After lunch, we visited the male and female extended rehabilitation houses that provide the more normal living space to those patients who have completed the initial recovery program. It was just like walking into your own home and the accommodation had a very comfortable feel.
On our way back up to ‘The Castle’, we called in at a unit that housed the Hyperbaric Oxygen Chamber (normally used for decompression sickness in divers). It seats 12 to 18 patients and has been shown to be effective in treating addiction as it increases oxygen flow to damaged tissues, especially to the recovering brain.The hyperbaric chamber is one of the most sought-after therapies at ‘The Castle’.
Before we left, we met with Dr Margaret McCann (CEO and Co-Founder) and her husband Peter McCann (Chairman) to have a chat over a cup of tea. We learned that Castle Craig was founded by them and is very much a family-run organisation. Indeed, their initial project, ‘Clouds House’ in Wiltshire, was set up because of their passion to help people due to a personal family experience of addiction. Since then, they opened Castle Craig and most recently Smarmore Castle in the Republic of Ireland.
They have over 30 years of experience in treating addiction and are supported by an extensive team of medical professionals, therapists, admissions and support staff.
They have a strong belief that addiction is a disease of the brain and those that want to recover can be treated very effectively using the methods that they advocate. Naturally, it involves a lot of hard work and dedication from the patient and they really do have to want to get ‘clean’.
We were also told that the support and communication does not stop when the recovering patient walks out of the door to go home as they are contacted on a regular basis when they first leave. There are also reunion weekends and organised support visits/sessions for the family of the patient too.
Referrals to ‘The Castle’ are mainly from the private sector via medical insurance with some referrals from dependency/addiction charities and the NHS.
Whilst we were waiting to leave, we sat in the reception area and reflected on our experience at ‘The Castle’. We both agreed that it was an amazing place and would thoroughly recommend it to anybody requiring specialist help and wanting to get their life back and free from dependency/addiction. Whilst we were talking, we were privileged to see a young person that we’d met in the Group Dynamics session who was leaving to go home. She was full of joy to be leaving and to be on the road to recovery but sad at the same time because she had built up such good relationships with the staff and felt so comfortable at ‘The Castle’. She’d also made friends with the other patients.

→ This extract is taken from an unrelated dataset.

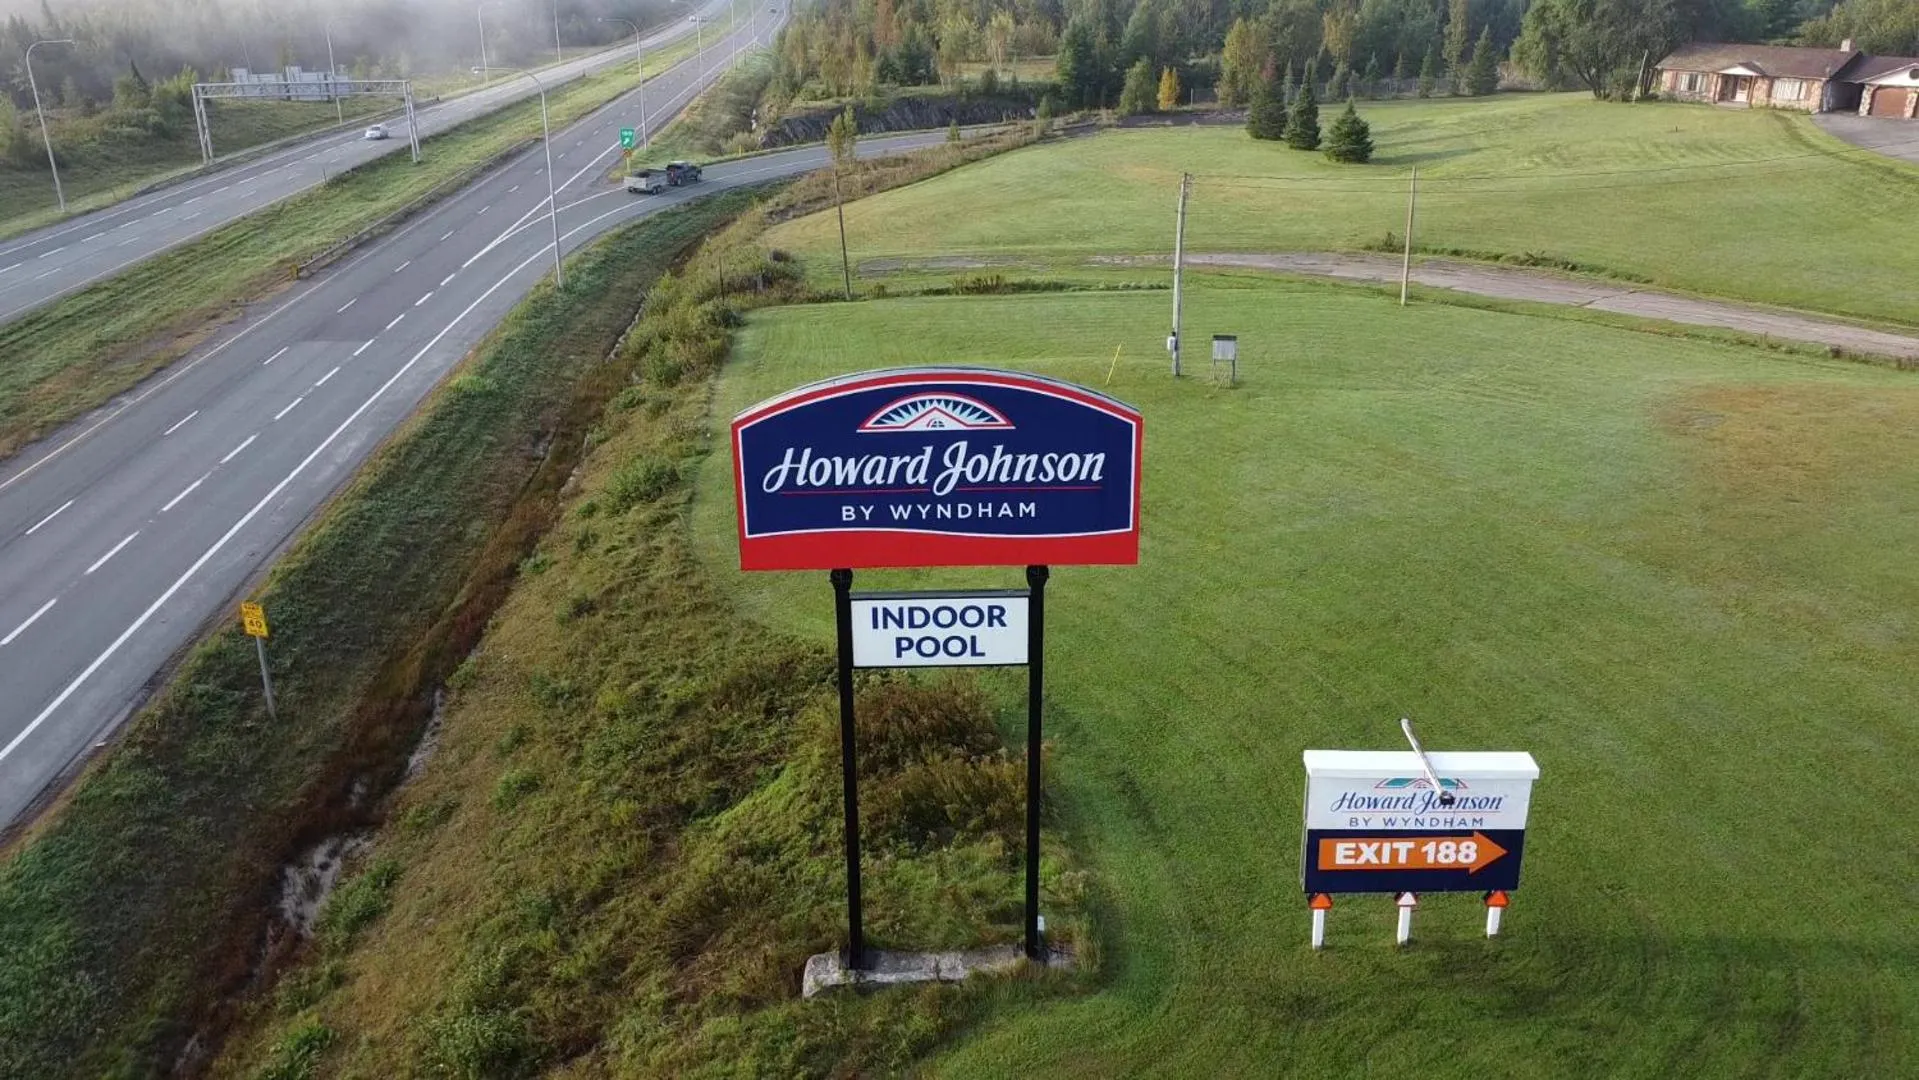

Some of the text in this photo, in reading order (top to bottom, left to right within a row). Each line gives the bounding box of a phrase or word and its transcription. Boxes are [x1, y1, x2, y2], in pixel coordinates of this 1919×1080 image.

Then we spoke to a family who had come to collect a patient who had completed a 12-week program. They told us that he was a professional, family person who had hit rock bottom, had emergency treatment in hospital and then been admitted to ‘The Castle’. They really couldn’t believe the difference in him and were ecstatic at the transformation. They were full of praise not only for ‘The Castle’ but also for their son because he’d pulled himself back from the brink and was able to return to raising his boys.
After saying our goodbyes, we shared a look of regret as neither of us wanted to leave. The location is so beautiful and peaceful, the staff are kind and helpful and the patients are happy and sociable, so much so that we decided to return to experience the Family Weekend in November where families of the patients in recovery meet to share their experiences and gain insightful information/tools from the staff.